Leave every image out, and print the remaining lines below exactly.

[Annotated photo localization data]
━━━
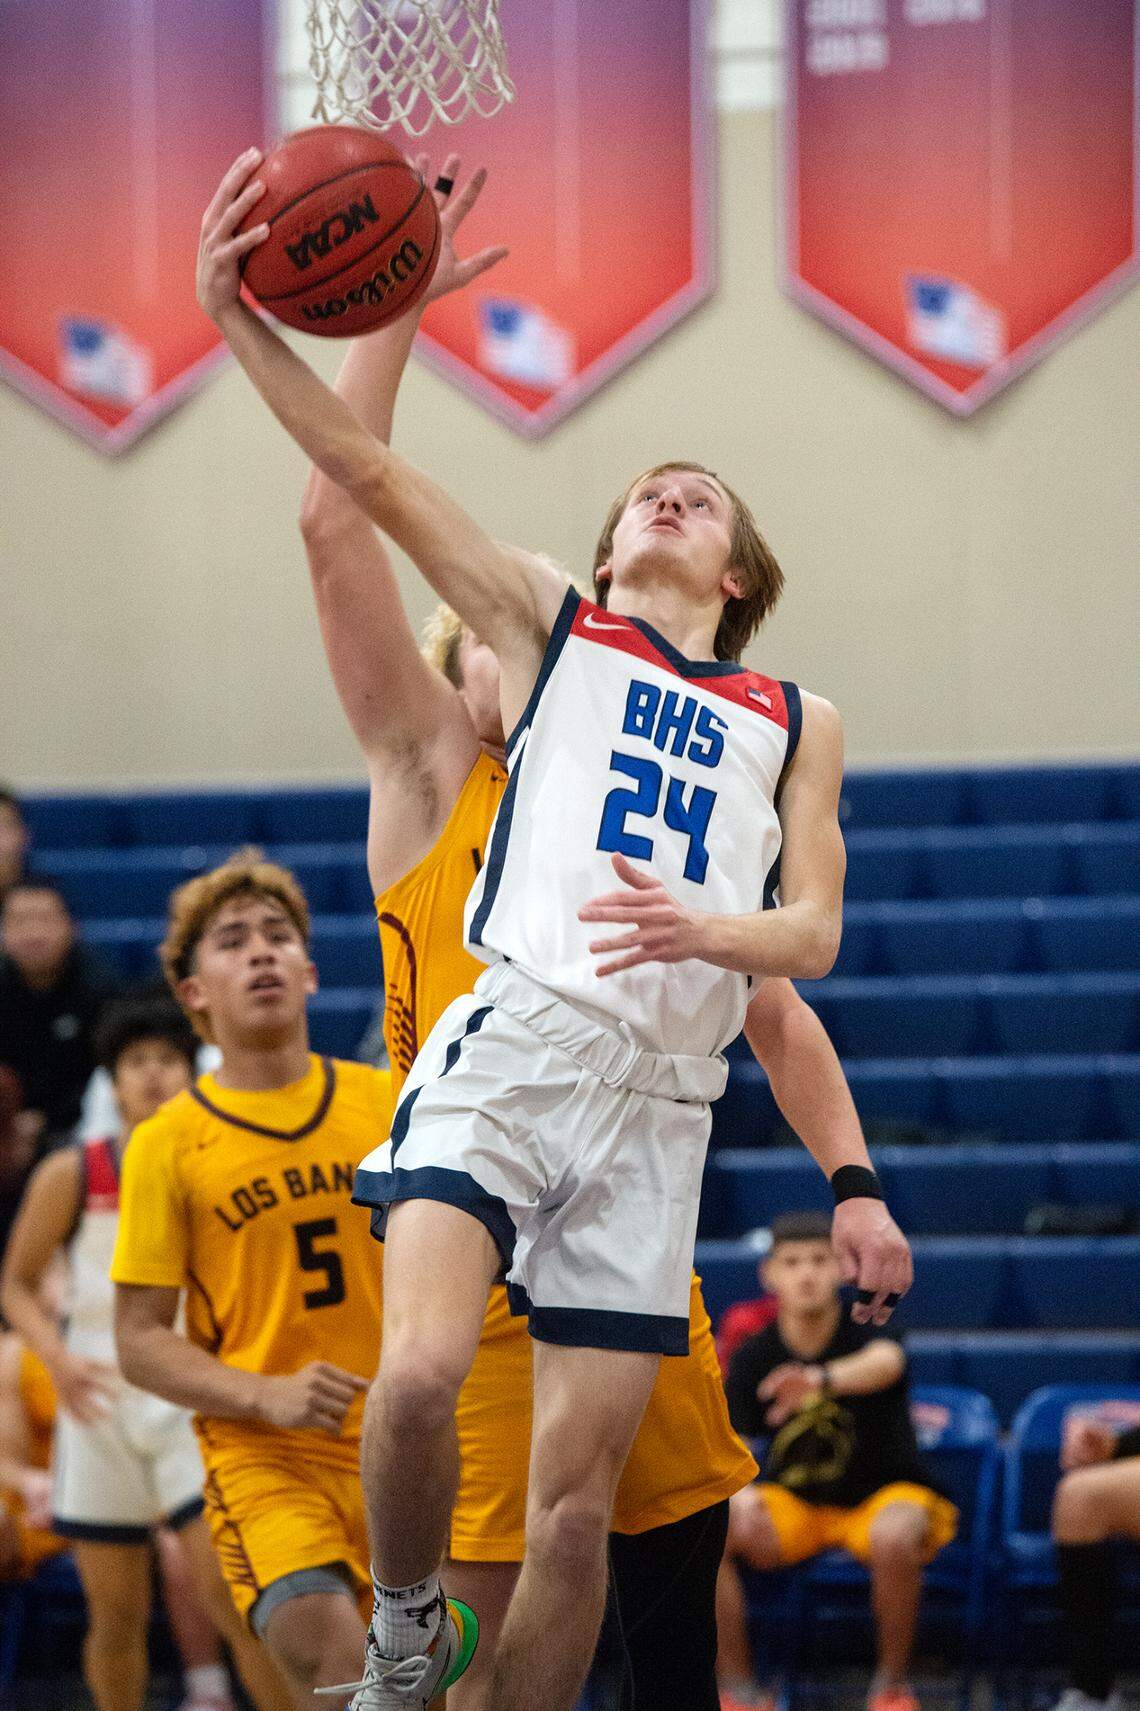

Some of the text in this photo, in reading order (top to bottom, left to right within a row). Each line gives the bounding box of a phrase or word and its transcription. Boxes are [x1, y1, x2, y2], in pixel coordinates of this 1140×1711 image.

[284, 194, 380, 271] NCAA
[301, 240, 422, 321] Wilson
[622, 679, 729, 769] BHS
[596, 750, 718, 885] 24
[214, 1176, 279, 1232] LOS
[294, 1217, 347, 1310] 5
━━━
WRITTEN SOLUTION:
Some of the text in this photo, in reading order (top to bottom, left to right within a row). Each line gives the bounding box of a phrase or word and its transcription. Boxes are [x1, y1, x2, y2], in pixel coordinates of this 1140×1711 image.

[284, 194, 380, 271] NCAA
[301, 240, 422, 321] Wilson
[622, 679, 729, 769] BHS
[596, 750, 718, 885] 24
[214, 1176, 279, 1232] LOS
[294, 1217, 347, 1310] 5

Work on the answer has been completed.